By Rom Watson
c. September 9, 2014
When someone dies and they’re cremated, this is what their ashes come in:
You may choose to transfer the ashes to a fancy urn, but what you get from the crematorium is one of these, filled with ashes, ashes in a plastic bag tied with a twist-tie.
Other than memories and a few photographs, this container is all I have left of my friend Robert Dixon, who died in his mid-thirties in 1989.
Years before, in 1983, in a second-run theatre on LaBrea Avenue near Melrose where you could see two movies for three dollars, I happened to see a movie about a young woman. This young woman had a friend, an older woman she would occasionally visit for advice. A mentor.
Toward the end of the movie, the young woman goes to visit her friend. She gets off her bicycle, she walks it through the gate, and as she leans her bike against the fence I thought to myself, “Her friend is dead.” It was suddenly obvious to me that the only reason the friend existed in the movie was so she could die. The young woman would now use the death of her friend as inspiration to pursue her dreams after all.

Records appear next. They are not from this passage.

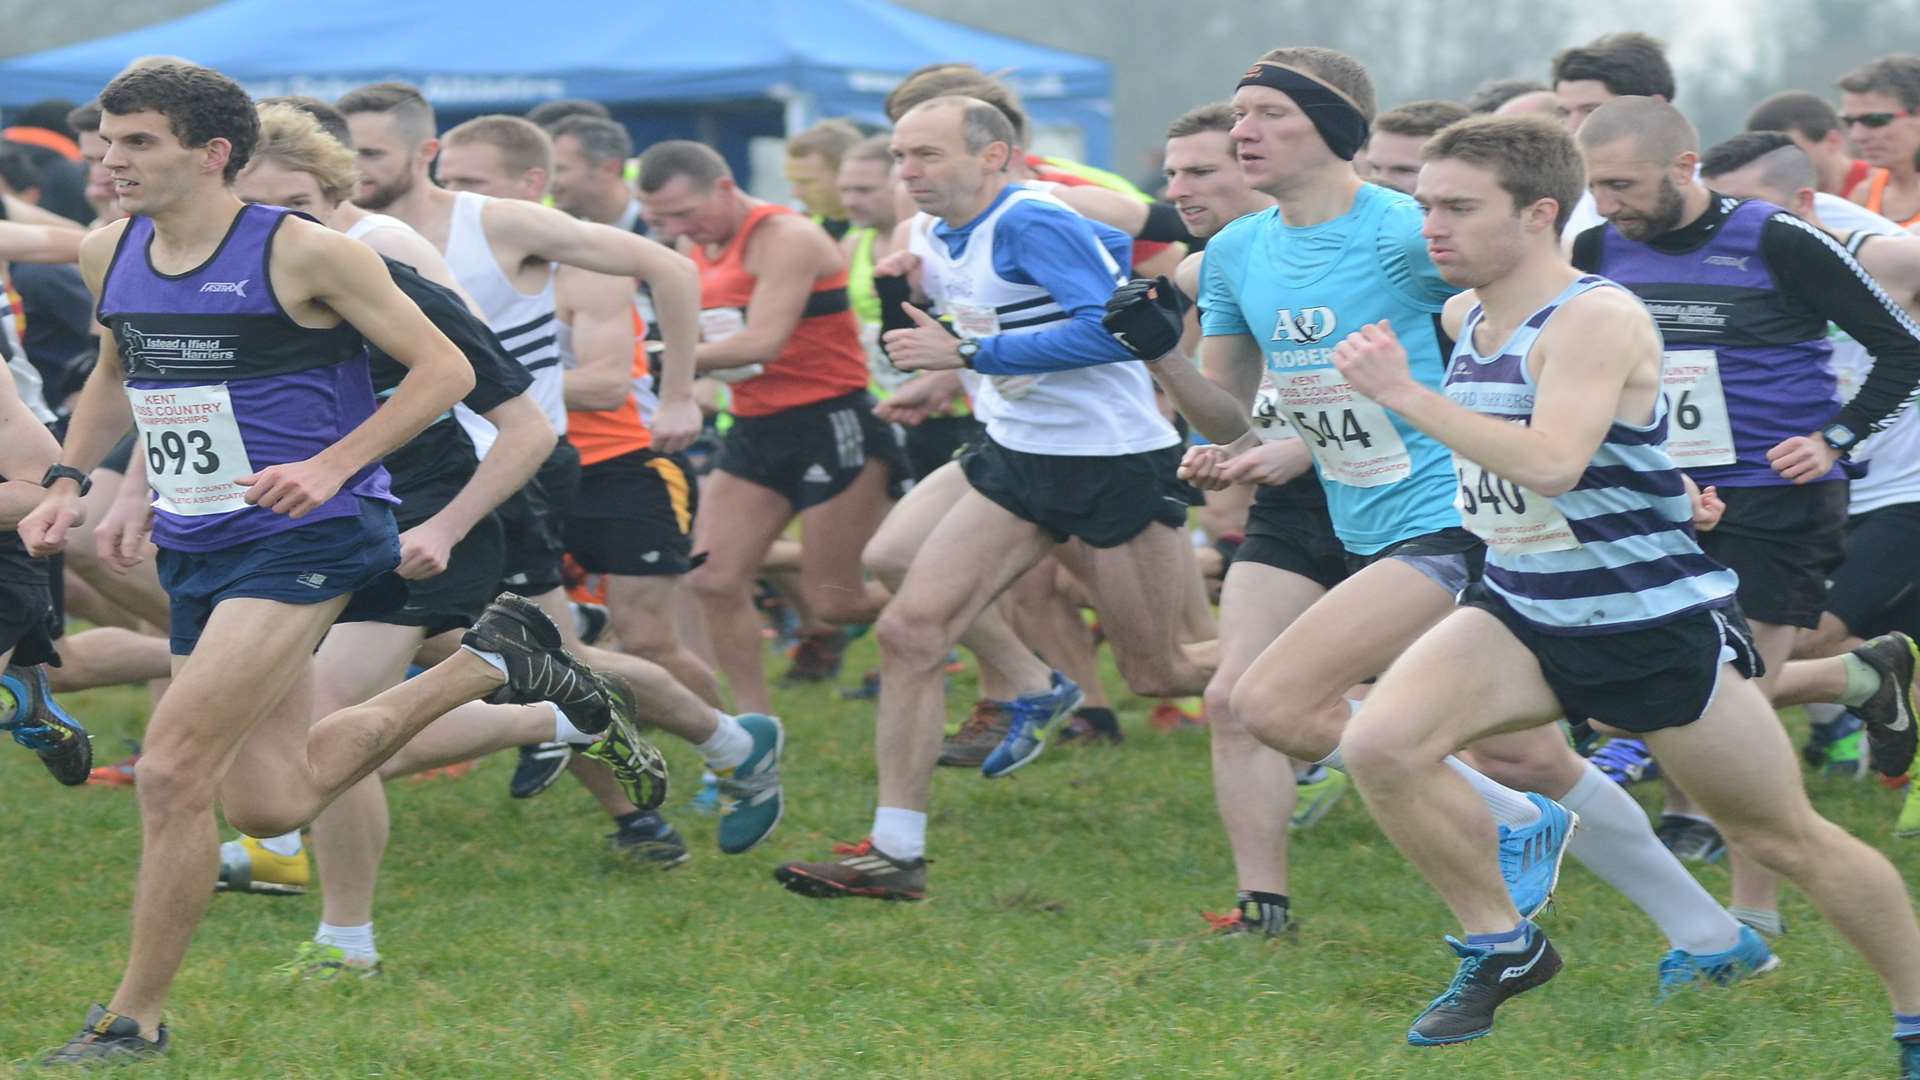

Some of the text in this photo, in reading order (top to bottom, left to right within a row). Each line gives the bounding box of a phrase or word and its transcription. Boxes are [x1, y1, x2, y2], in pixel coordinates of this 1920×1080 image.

[1270, 306, 1337, 346] A&D
[182, 349, 234, 360] Harriers
[1290, 375, 1321, 385] KENT
[144, 394, 176, 405] KENT
[154, 402, 222, 417] COUNTRY
[1294, 407, 1372, 451] 544
[146, 429, 221, 475] 693
[194, 482, 233, 493] COUNTY
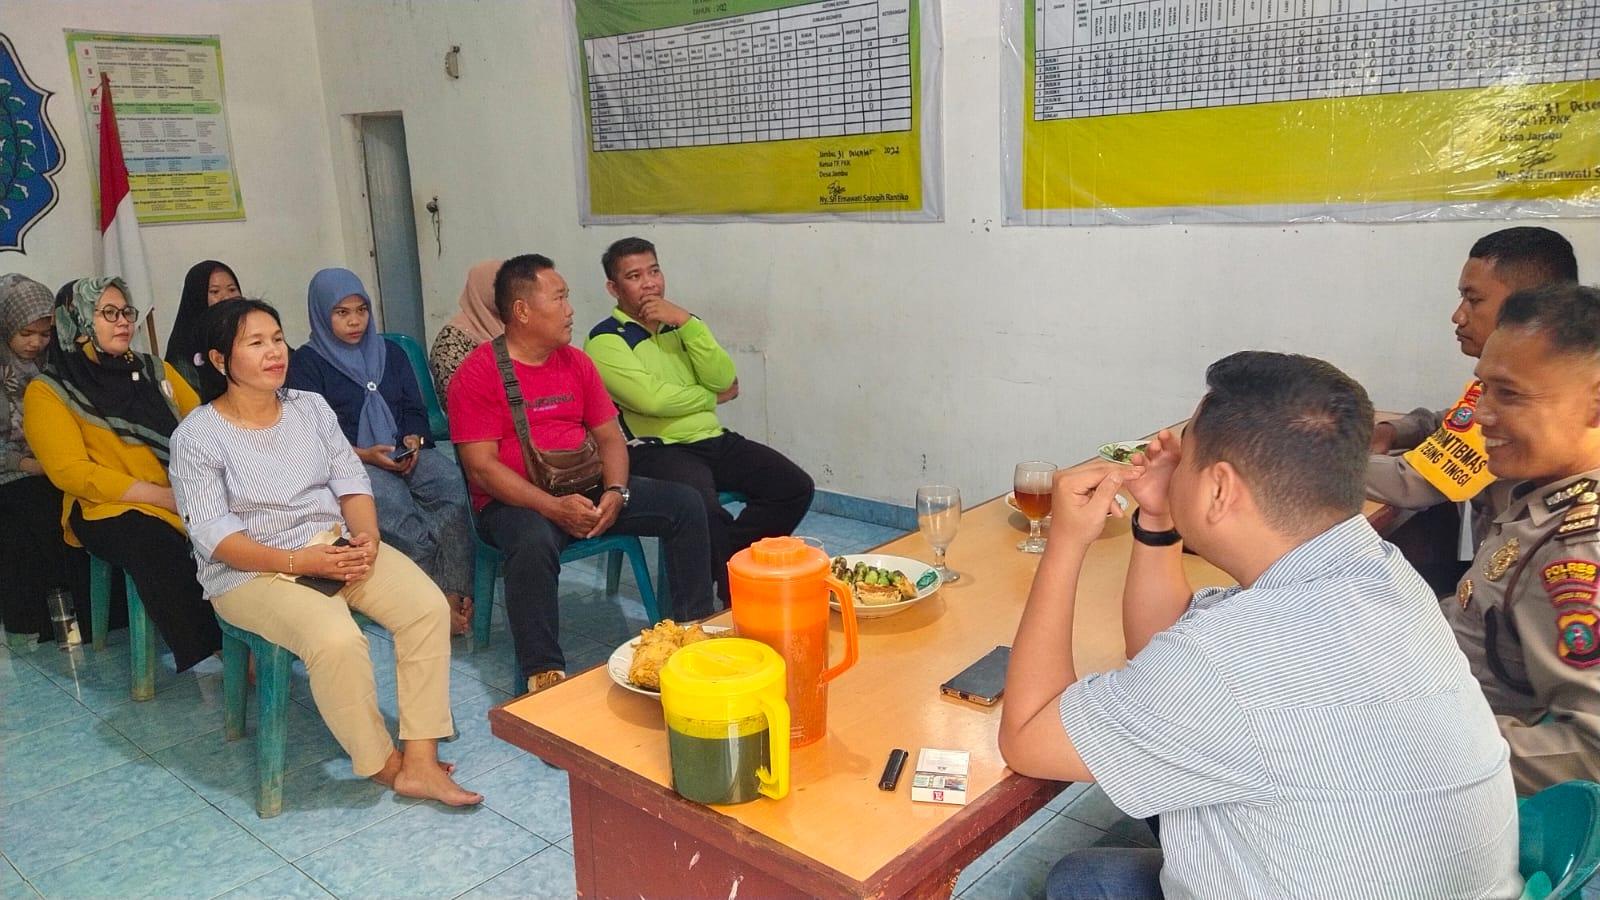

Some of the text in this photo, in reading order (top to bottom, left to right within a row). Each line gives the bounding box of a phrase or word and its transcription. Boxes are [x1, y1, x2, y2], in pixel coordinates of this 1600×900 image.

[1537, 167, 1591, 180] Ernawati
[1441, 458, 1472, 488] TINGGI
[1545, 562, 1597, 580] POLRES
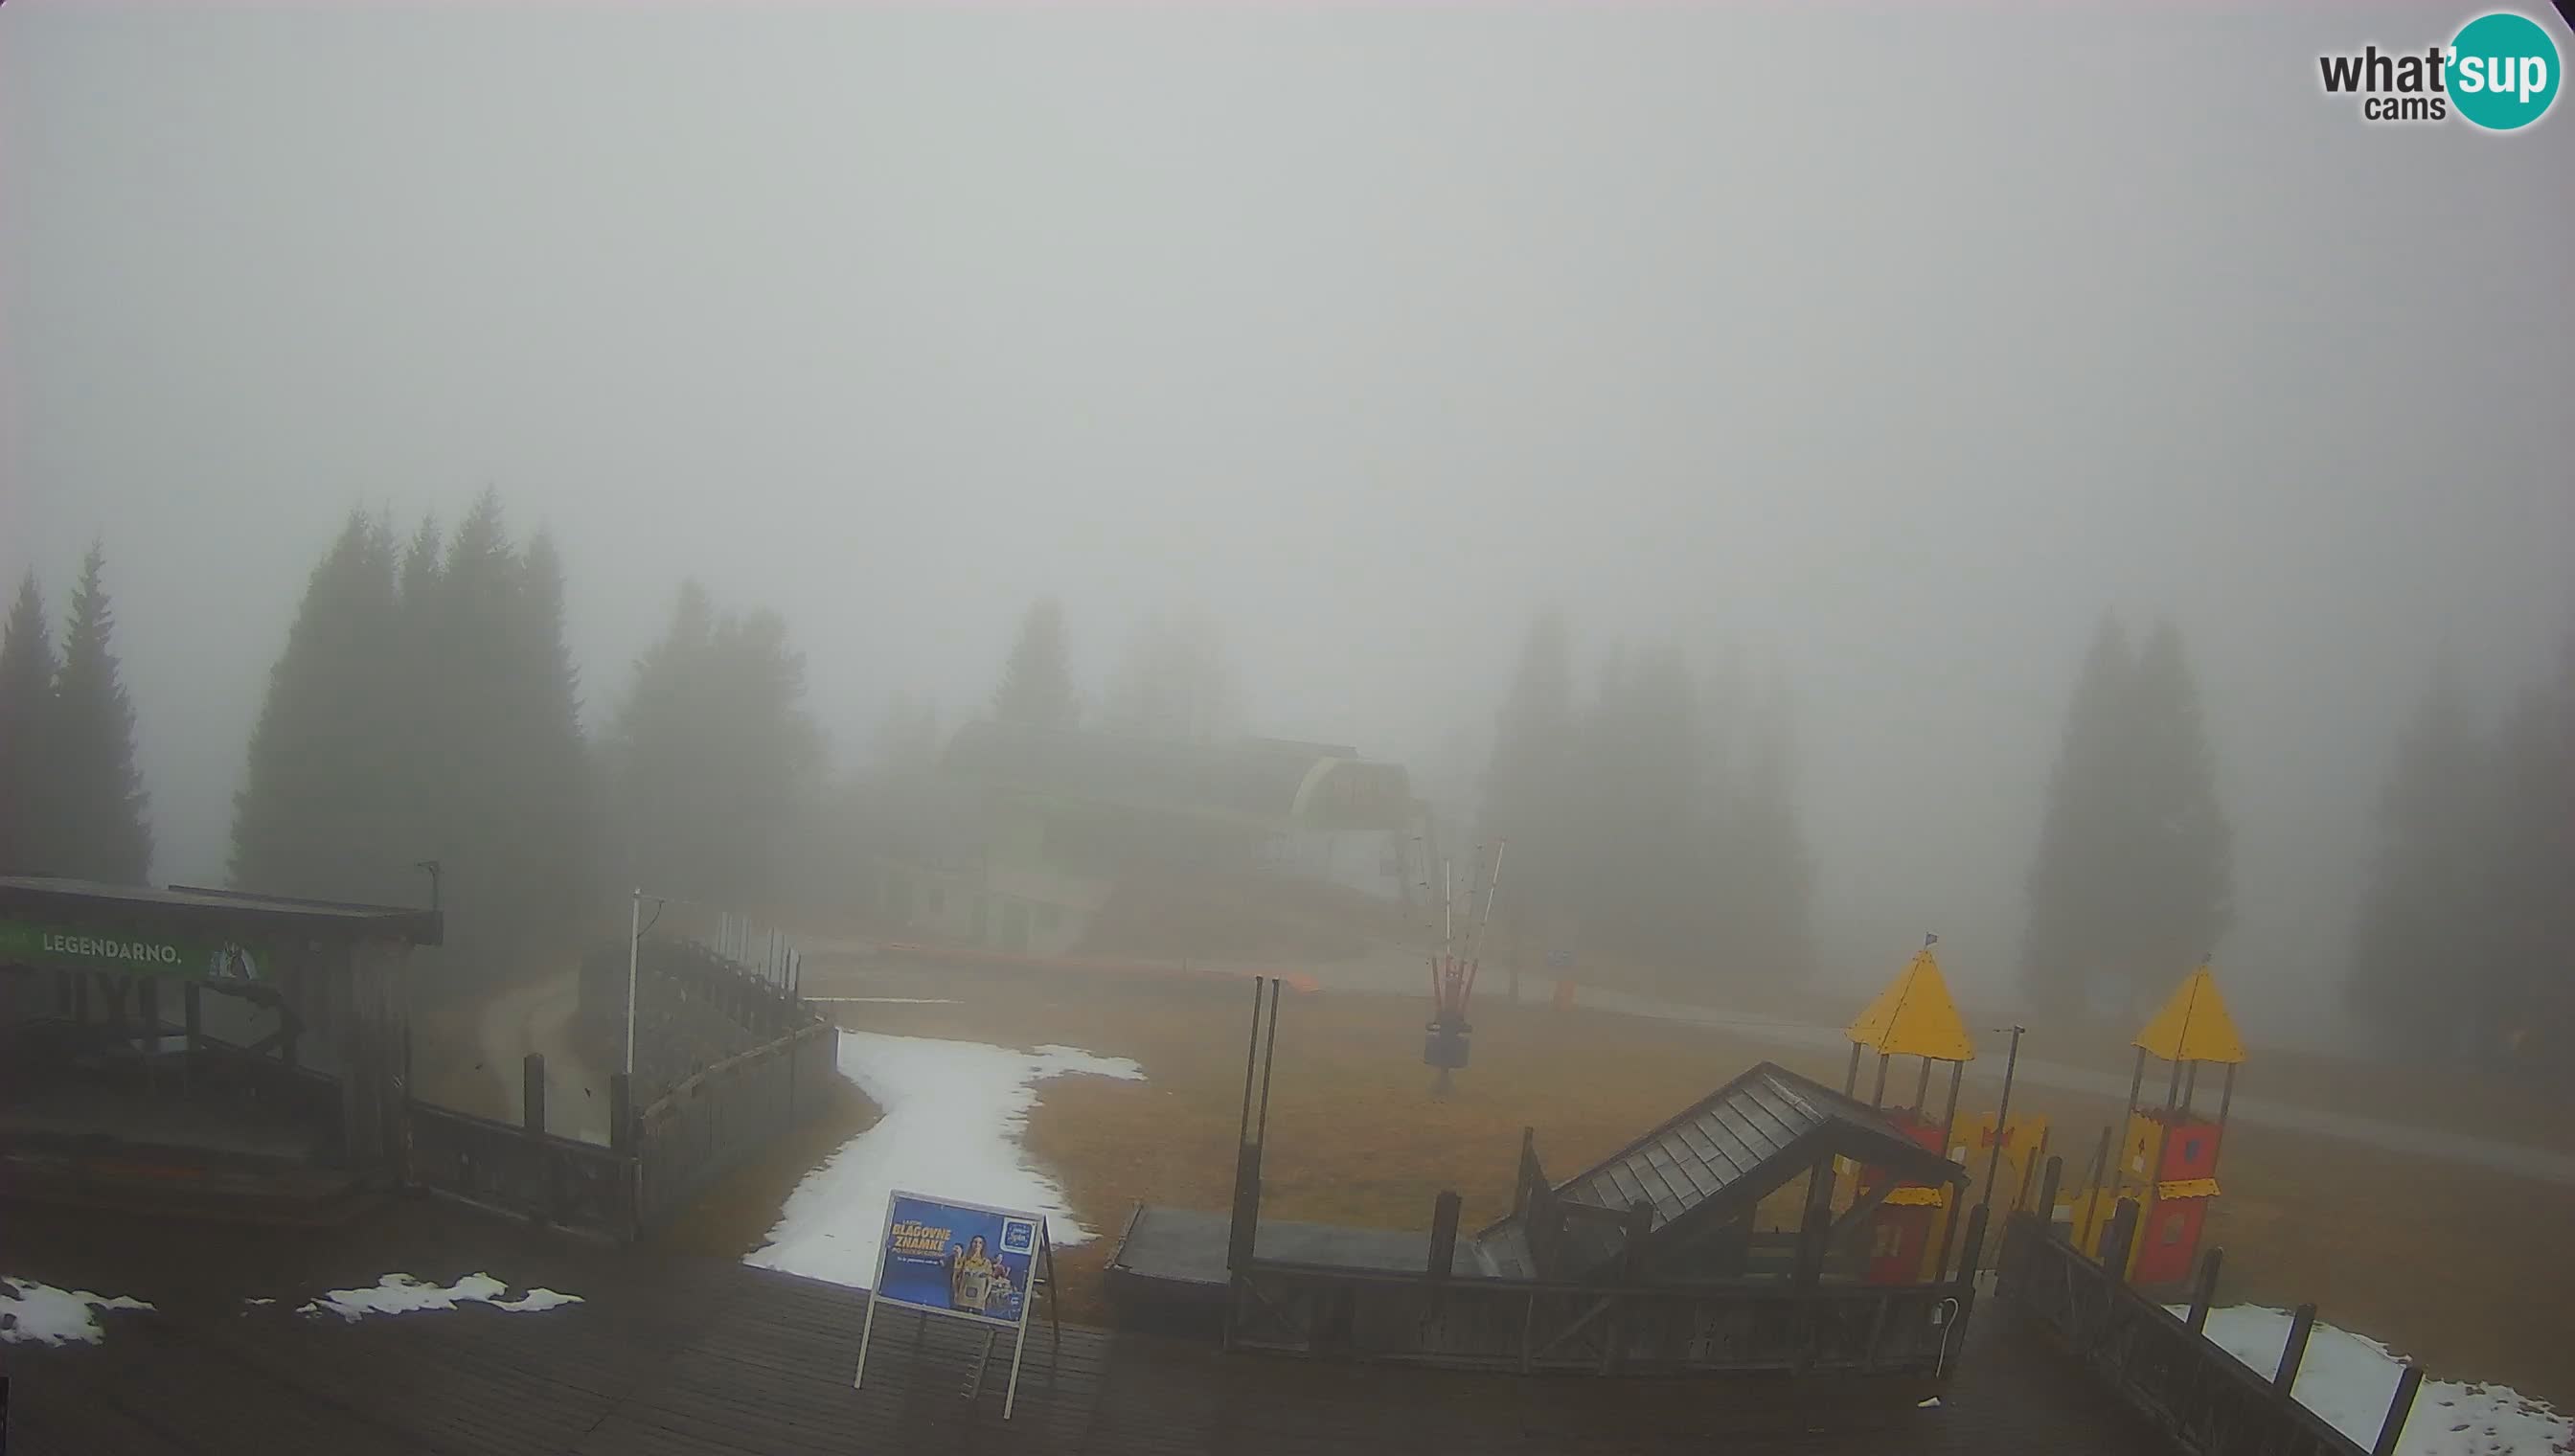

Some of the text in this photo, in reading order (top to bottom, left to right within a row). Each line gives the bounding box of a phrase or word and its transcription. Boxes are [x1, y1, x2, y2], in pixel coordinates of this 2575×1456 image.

[43, 934, 182, 965] LEGENDARNO.
[892, 1224, 951, 1240] BLAGOVNE
[895, 1236, 945, 1251] ZNAMKE

I watched as the young woman entered the house. Guess what? The house was empty. Her friend was dead! “How predictable,” I thought to myself. “What a crummy movie.”
However, when it happens to you in real life, and you lose a friend of ten years, . . .you do stop, and take stock, and ask yourself, “How do I want to spend the time that I have left?”
The good news is that you don’t have to be like the young woman in the movie. You don’t have to wait for a friend to die. You do not have to wait for Lilia Skala to kick the bucket in the final reel. You can at any time decide what you want to leave behind after you’ve gone from this world.
Besides one of these.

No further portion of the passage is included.